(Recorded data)
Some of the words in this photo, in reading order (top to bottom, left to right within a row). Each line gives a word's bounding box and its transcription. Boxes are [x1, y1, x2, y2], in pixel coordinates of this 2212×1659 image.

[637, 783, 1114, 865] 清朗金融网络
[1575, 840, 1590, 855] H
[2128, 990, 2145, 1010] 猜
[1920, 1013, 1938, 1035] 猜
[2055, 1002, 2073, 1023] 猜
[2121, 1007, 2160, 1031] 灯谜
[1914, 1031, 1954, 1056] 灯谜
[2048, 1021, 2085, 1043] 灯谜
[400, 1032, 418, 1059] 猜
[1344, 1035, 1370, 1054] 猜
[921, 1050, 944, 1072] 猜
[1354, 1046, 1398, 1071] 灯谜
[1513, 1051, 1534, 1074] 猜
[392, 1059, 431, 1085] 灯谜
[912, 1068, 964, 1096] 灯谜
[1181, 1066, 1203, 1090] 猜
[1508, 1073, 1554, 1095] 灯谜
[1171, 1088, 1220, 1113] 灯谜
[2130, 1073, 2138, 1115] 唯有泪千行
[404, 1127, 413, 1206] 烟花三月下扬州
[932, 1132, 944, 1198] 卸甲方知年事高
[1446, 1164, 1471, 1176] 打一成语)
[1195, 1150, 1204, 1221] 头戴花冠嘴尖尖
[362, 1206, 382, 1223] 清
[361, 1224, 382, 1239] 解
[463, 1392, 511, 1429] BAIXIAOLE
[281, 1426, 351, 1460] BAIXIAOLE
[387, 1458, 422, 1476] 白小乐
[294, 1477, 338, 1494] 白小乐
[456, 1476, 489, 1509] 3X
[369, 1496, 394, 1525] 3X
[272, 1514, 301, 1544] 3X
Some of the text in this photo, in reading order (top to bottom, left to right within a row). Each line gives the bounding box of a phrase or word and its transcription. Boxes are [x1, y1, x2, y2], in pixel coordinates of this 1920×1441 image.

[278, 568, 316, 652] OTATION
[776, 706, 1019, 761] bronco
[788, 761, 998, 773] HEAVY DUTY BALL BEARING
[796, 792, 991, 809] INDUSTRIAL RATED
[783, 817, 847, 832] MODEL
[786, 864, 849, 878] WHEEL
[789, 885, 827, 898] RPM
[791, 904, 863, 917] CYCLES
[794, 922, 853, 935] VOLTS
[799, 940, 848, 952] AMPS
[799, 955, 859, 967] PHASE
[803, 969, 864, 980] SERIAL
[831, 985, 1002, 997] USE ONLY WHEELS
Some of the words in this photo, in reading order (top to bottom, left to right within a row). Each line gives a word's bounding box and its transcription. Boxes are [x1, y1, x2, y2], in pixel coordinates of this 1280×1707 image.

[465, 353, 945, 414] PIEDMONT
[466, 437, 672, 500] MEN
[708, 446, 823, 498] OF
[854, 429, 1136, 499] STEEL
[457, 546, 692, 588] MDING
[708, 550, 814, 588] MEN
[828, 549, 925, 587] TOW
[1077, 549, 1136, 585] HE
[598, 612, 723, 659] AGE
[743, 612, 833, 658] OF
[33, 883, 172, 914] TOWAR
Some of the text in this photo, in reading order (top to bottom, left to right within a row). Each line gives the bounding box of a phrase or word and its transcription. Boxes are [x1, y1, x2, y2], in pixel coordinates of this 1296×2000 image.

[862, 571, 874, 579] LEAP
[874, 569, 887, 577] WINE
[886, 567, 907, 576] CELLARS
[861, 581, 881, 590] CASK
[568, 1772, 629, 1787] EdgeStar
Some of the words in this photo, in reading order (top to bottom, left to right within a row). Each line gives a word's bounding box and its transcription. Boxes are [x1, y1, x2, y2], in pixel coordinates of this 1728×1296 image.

◆ **Try it**
Give every entry back exactly as it was written above.

◆ **Reply to the task**
Some of the words in this photo, in reading order (top to bottom, left to right within a row). Each line gives a word's bounding box and its transcription. Boxes are [x1, y1, x2, y2], in pixel coordinates of this 2212×1659 image.

[637, 783, 1114, 865] 清朗金融网络
[1575, 840, 1590, 855] H
[2128, 990, 2145, 1010] 猜
[1920, 1013, 1938, 1035] 猜
[2055, 1002, 2073, 1023] 猜
[2121, 1007, 2160, 1031] 灯谜
[1914, 1031, 1954, 1056] 灯谜
[2048, 1021, 2085, 1043] 灯谜
[400, 1032, 418, 1059] 猜
[1344, 1035, 1370, 1054] 猜
[921, 1050, 944, 1072] 猜
[1354, 1046, 1398, 1071] 灯谜
[1513, 1051, 1534, 1074] 猜
[392, 1059, 431, 1085] 灯谜
[912, 1068, 964, 1096] 灯谜
[1181, 1066, 1203, 1090] 猜
[1508, 1073, 1554, 1095] 灯谜
[1171, 1088, 1220, 1113] 灯谜
[2130, 1073, 2138, 1115] 唯有泪千行
[404, 1127, 413, 1206] 烟花三月下扬州
[932, 1132, 944, 1198] 卸甲方知年事高
[1446, 1164, 1471, 1176] 打一成语)
[1195, 1150, 1204, 1221] 头戴花冠嘴尖尖
[362, 1206, 382, 1223] 清
[361, 1224, 382, 1239] 解
[463, 1392, 511, 1429] BAIXIAOLE
[281, 1426, 351, 1460] BAIXIAOLE
[387, 1458, 422, 1476] 白小乐
[294, 1477, 338, 1494] 白小乐
[456, 1476, 489, 1509] 3X
[369, 1496, 394, 1525] 3X
[272, 1514, 301, 1544] 3X
Some of the text in this photo, in reading order (top to bottom, left to right within a row). Each line gives the bounding box of a phrase or word and its transcription. Boxes are [x1, y1, x2, y2], in pixel coordinates of this 1920×1441 image.

[278, 568, 316, 652] OTATION
[776, 706, 1019, 761] bronco
[788, 761, 998, 773] HEAVY DUTY BALL BEARING
[796, 792, 991, 809] INDUSTRIAL RATED
[783, 817, 847, 832] MODEL
[786, 864, 849, 878] WHEEL
[789, 885, 827, 898] RPM
[791, 904, 863, 917] CYCLES
[794, 922, 853, 935] VOLTS
[799, 940, 848, 952] AMPS
[799, 955, 859, 967] PHASE
[803, 969, 864, 980] SERIAL
[831, 985, 1002, 997] USE ONLY WHEELS
Some of the words in this photo, in reading order (top to bottom, left to right within a row). Each line gives a word's bounding box and its transcription. Boxes are [x1, y1, x2, y2], in pixel coordinates of this 1280×1707 image.

[465, 353, 945, 414] PIEDMONT
[466, 437, 672, 500] MEN
[708, 446, 823, 498] OF
[854, 429, 1136, 499] STEEL
[457, 546, 692, 588] MDING
[708, 550, 814, 588] MEN
[828, 549, 925, 587] TOW
[1077, 549, 1136, 585] HE
[598, 612, 723, 659] AGE
[743, 612, 833, 658] OF
[33, 883, 172, 914] TOWAR
Some of the text in this photo, in reading order (top to bottom, left to right within a row). Each line gives the bounding box of a phrase or word and its transcription. Boxes are [x1, y1, x2, y2], in pixel coordinates of this 1296×2000 image.

[862, 571, 874, 579] LEAP
[874, 569, 887, 577] WINE
[886, 567, 907, 576] CELLARS
[861, 581, 881, 590] CASK
[568, 1772, 629, 1787] EdgeStar
Some of the words in this photo, in reading order (top to bottom, left to right within a row). Each line gives a word's bounding box and its transcription. Boxes are [x1, y1, x2, y2], in pixel coordinates of this 1728×1296 image.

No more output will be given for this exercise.